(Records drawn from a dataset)

• • • • •

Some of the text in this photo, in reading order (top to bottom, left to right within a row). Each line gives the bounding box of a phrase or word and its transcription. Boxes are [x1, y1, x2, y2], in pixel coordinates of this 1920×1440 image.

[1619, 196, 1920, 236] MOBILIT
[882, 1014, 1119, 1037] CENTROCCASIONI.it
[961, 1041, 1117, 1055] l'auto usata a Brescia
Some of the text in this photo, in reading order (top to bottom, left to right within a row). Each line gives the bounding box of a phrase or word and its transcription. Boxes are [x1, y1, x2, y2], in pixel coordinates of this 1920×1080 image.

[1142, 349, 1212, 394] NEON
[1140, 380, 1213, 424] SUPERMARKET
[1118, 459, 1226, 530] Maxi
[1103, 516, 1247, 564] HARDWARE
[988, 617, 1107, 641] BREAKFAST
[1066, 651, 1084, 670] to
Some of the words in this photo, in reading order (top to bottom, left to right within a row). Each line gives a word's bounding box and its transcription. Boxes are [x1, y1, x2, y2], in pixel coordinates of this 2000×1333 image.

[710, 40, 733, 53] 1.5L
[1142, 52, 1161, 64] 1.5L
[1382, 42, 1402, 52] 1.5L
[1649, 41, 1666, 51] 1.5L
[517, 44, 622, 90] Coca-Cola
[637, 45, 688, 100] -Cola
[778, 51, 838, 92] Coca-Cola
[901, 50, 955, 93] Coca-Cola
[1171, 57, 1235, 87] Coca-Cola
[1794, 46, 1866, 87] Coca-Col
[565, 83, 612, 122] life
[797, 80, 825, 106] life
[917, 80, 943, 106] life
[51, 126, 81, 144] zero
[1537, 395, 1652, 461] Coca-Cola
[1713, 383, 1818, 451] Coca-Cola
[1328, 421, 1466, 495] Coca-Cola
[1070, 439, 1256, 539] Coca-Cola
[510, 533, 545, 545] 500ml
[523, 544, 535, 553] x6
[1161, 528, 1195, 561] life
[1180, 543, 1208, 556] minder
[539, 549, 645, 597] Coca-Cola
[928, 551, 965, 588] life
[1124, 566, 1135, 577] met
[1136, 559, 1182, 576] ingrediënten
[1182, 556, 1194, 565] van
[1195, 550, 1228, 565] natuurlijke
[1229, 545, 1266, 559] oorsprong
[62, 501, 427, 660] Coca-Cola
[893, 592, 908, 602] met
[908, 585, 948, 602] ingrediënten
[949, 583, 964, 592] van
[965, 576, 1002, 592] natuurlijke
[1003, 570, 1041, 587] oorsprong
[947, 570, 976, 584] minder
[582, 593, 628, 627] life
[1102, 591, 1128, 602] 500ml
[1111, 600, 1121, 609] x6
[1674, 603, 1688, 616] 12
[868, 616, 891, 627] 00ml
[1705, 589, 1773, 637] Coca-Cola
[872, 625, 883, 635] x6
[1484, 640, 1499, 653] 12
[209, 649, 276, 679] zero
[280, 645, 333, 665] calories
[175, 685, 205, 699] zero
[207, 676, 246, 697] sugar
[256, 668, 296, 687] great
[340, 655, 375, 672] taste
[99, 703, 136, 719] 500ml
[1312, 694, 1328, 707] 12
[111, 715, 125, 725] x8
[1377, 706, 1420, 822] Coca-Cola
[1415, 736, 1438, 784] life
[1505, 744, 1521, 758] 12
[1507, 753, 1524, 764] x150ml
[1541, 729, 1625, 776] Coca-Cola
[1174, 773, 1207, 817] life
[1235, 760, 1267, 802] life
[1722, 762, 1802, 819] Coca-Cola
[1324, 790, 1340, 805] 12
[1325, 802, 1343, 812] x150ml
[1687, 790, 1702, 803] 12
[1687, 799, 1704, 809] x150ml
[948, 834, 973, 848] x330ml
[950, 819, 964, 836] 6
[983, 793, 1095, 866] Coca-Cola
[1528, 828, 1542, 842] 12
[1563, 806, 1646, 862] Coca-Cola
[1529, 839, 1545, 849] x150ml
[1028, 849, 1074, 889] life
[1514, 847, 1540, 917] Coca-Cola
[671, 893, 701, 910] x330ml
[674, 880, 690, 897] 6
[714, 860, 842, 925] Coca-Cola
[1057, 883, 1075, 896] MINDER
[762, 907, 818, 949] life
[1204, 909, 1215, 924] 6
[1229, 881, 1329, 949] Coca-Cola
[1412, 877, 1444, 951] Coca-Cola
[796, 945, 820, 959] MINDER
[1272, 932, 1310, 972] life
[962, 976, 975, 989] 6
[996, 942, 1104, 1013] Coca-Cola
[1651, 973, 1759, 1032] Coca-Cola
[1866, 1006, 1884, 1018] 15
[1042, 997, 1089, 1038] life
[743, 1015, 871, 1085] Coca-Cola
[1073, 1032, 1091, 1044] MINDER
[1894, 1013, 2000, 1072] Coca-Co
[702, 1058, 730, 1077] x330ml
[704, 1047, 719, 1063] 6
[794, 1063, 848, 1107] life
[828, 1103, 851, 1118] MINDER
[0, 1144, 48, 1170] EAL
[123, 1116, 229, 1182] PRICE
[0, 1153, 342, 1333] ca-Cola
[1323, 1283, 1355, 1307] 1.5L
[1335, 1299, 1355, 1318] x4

• • • • •

Send back every record, precisely as written.

Some of the text in this photo, in reading order (top to bottom, left to right within a row). Each line gives the bounding box of a phrase or word and its transcription. Boxes are [x1, y1, x2, y2], in pixel coordinates of this 1920×1440 image.

[1619, 196, 1920, 236] MOBILIT
[882, 1014, 1119, 1037] CENTROCCASIONI.it
[961, 1041, 1117, 1055] l'auto usata a Brescia
Some of the text in this photo, in reading order (top to bottom, left to right within a row). Each line gives the bounding box of a phrase or word and its transcription. Boxes are [x1, y1, x2, y2], in pixel coordinates of this 1920×1080 image.

[1142, 349, 1212, 394] NEON
[1140, 380, 1213, 424] SUPERMARKET
[1118, 459, 1226, 530] Maxi
[1103, 516, 1247, 564] HARDWARE
[988, 617, 1107, 641] BREAKFAST
[1066, 651, 1084, 670] to
Some of the words in this photo, in reading order (top to bottom, left to right within a row). Each line gives a word's bounding box and its transcription. Boxes are [x1, y1, x2, y2], in pixel coordinates of this 2000×1333 image.

[710, 40, 733, 53] 1.5L
[1142, 52, 1161, 64] 1.5L
[1382, 42, 1402, 52] 1.5L
[1649, 41, 1666, 51] 1.5L
[517, 44, 622, 90] Coca-Cola
[637, 45, 688, 100] -Cola
[778, 51, 838, 92] Coca-Cola
[901, 50, 955, 93] Coca-Cola
[1171, 57, 1235, 87] Coca-Cola
[1794, 46, 1866, 87] Coca-Col
[565, 83, 612, 122] life
[797, 80, 825, 106] life
[917, 80, 943, 106] life
[51, 126, 81, 144] zero
[1537, 395, 1652, 461] Coca-Cola
[1713, 383, 1818, 451] Coca-Cola
[1328, 421, 1466, 495] Coca-Cola
[1070, 439, 1256, 539] Coca-Cola
[510, 533, 545, 545] 500ml
[523, 544, 535, 553] x6
[1161, 528, 1195, 561] life
[1180, 543, 1208, 556] minder
[539, 549, 645, 597] Coca-Cola
[928, 551, 965, 588] life
[1124, 566, 1135, 577] met
[1136, 559, 1182, 576] ingrediënten
[1182, 556, 1194, 565] van
[1195, 550, 1228, 565] natuurlijke
[1229, 545, 1266, 559] oorsprong
[62, 501, 427, 660] Coca-Cola
[893, 592, 908, 602] met
[908, 585, 948, 602] ingrediënten
[949, 583, 964, 592] van
[965, 576, 1002, 592] natuurlijke
[1003, 570, 1041, 587] oorsprong
[947, 570, 976, 584] minder
[582, 593, 628, 627] life
[1102, 591, 1128, 602] 500ml
[1111, 600, 1121, 609] x6
[1674, 603, 1688, 616] 12
[868, 616, 891, 627] 00ml
[1705, 589, 1773, 637] Coca-Cola
[872, 625, 883, 635] x6
[1484, 640, 1499, 653] 12
[209, 649, 276, 679] zero
[280, 645, 333, 665] calories
[175, 685, 205, 699] zero
[207, 676, 246, 697] sugar
[256, 668, 296, 687] great
[340, 655, 375, 672] taste
[99, 703, 136, 719] 500ml
[1312, 694, 1328, 707] 12
[111, 715, 125, 725] x8
[1377, 706, 1420, 822] Coca-Cola
[1415, 736, 1438, 784] life
[1505, 744, 1521, 758] 12
[1507, 753, 1524, 764] x150ml
[1541, 729, 1625, 776] Coca-Cola
[1174, 773, 1207, 817] life
[1235, 760, 1267, 802] life
[1722, 762, 1802, 819] Coca-Cola
[1324, 790, 1340, 805] 12
[1325, 802, 1343, 812] x150ml
[1687, 790, 1702, 803] 12
[1687, 799, 1704, 809] x150ml
[948, 834, 973, 848] x330ml
[950, 819, 964, 836] 6
[983, 793, 1095, 866] Coca-Cola
[1528, 828, 1542, 842] 12
[1563, 806, 1646, 862] Coca-Cola
[1529, 839, 1545, 849] x150ml
[1028, 849, 1074, 889] life
[1514, 847, 1540, 917] Coca-Cola
[671, 893, 701, 910] x330ml
[674, 880, 690, 897] 6
[714, 860, 842, 925] Coca-Cola
[1057, 883, 1075, 896] MINDER
[762, 907, 818, 949] life
[1204, 909, 1215, 924] 6
[1229, 881, 1329, 949] Coca-Cola
[1412, 877, 1444, 951] Coca-Cola
[796, 945, 820, 959] MINDER
[1272, 932, 1310, 972] life
[962, 976, 975, 989] 6
[996, 942, 1104, 1013] Coca-Cola
[1651, 973, 1759, 1032] Coca-Cola
[1866, 1006, 1884, 1018] 15
[1042, 997, 1089, 1038] life
[743, 1015, 871, 1085] Coca-Cola
[1073, 1032, 1091, 1044] MINDER
[1894, 1013, 2000, 1072] Coca-Co
[702, 1058, 730, 1077] x330ml
[704, 1047, 719, 1063] 6
[794, 1063, 848, 1107] life
[828, 1103, 851, 1118] MINDER
[0, 1144, 48, 1170] EAL
[123, 1116, 229, 1182] PRICE
[0, 1153, 342, 1333] ca-Cola
[1323, 1283, 1355, 1307] 1.5L
[1335, 1299, 1355, 1318] x4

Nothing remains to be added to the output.